Una madre e una figlia unite nella cura

Sofia, madre di Johana, sa di avere lei stessa bisogno di cure, ma affronta il viaggio verso Managua con un solo obiettivo: donare una vita diversa a sua figlia


Questa è la storia di una giovane mamma che ha deciso di dedicare la sua vita a quanto ha di più prezioso: sua figlia.

Questa è la storia di Sofìa e Johana, una madre e una figlia di appena 1 anno unite da un legame indissolubile e da una malformazione da curare.

Quando, subito dopo il parto, Sofia ha visto sua figlia per la prima volta, ha immediatamente riconosciuto quella spaccatura sul suo labbro. Era proprio come quella che aveva anche lei alla nascita. Il primo pensiero è stato ovvio: la piccola doveva essere operata.

Nata con la labiopalatoschisi, mamma Sofia ha vissuto gran parte della sua vita con la malformazione al volto e solo all’età di 15 anni è stata operata al labbro. Il suo palato, invece, non era mai stato operato.

Per questo, saputo dell’arrivo di Operation Smile in Nicaragua, Sofia ha preso una decisione irrevocabile: sua figlia non avrebbe mai dovuto vivere le difficoltà che lei stessa aveva vissuto da bambina. Sua figlia sarebbe stata operata il prima possibile.

Sofia non pensava a sé stessa quando cercava di capire come raggiungere Managua da Rosita, la cittadina a 500 chilometri dalla capitale nella quale viveva con la sua famiglia. Pensava alla piccola Johana, al futuro che desiderava per lei e a come avrebbe potuto pagare un viaggio tanto lungo per portare la bimba alla missione.

Per fortuna la generosità dei donatori di Operation Smile ha permesso non soltanto di portare le cure in Nicaragua, ma anche di offrire le spese del viaggio a tutti quei pazienti che, proprio come Sofia e Johana, non potevano permettersele.

Arrivate a Managua, madre e figlia hanno trovato una missione medica enorme: oltre 70 volontari giunti da 14 Paesi per portare cure chirurgiche sicure ed efficaci ai 180 pazienti venuti da ogni parte del Nicaragua.

Pur bisognosa lei stessa di un intervento al palato, Sofia continuava a pensare esclusivamente a sua figlia. A prendersi cura anche di lei, però, ci hanno pensato i medici e tutti gli altri volontari.

Assieme ad altri 120 pazienti, alla fine della missione i medici sono riusciti ad operare non soltanto il labbro di Johana, ma anche il palato di mamma Sofia.

Quel viaggio di 500 chilometri è stato senz’altro portatore di un cambiamento epocale nella vita delle due pazienti e della loro famiglia.

È quello che ha dichiarato anche Olgemar, il marito di Sofia: “Siamo una famiglia molto povera, ma oggi siamo felici.
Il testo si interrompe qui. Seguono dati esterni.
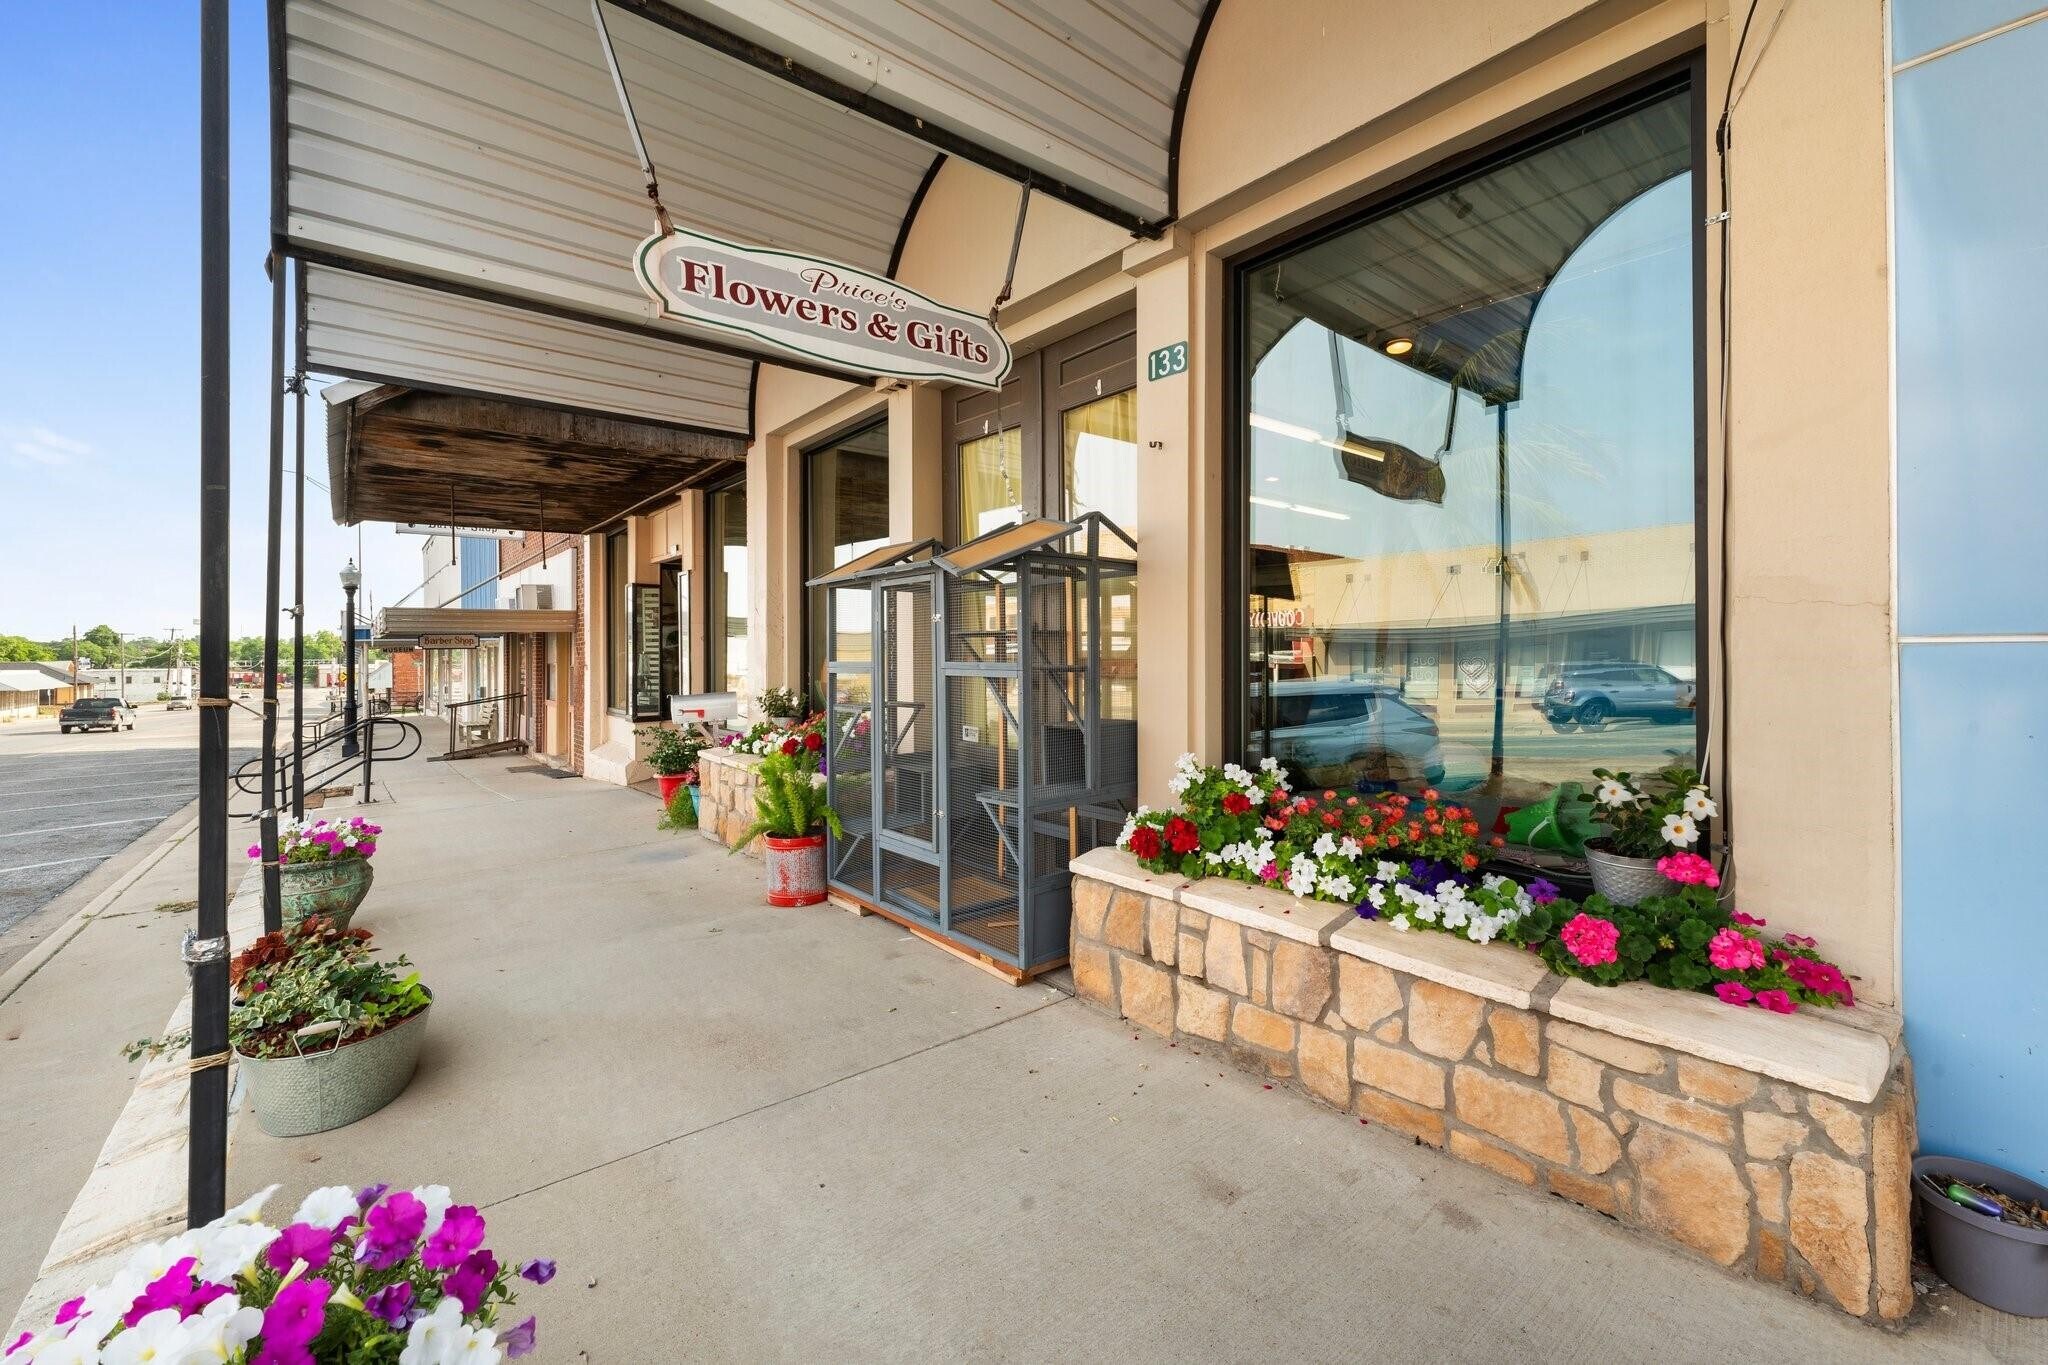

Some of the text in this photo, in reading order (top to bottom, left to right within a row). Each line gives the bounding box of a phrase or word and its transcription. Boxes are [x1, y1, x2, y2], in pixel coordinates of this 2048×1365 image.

La vita ci ha riservato e ci riserva molte avversità, ma ora che mia moglie e mia figlia sono state operate abbiamo tutto quello che ci serve, il nostro sogno si è avverato. Senza il supporto di Operation Smile non avremmo mai potuto permetterci interventi di questo genere. Oggi possiamo dire di essere davvero felici”.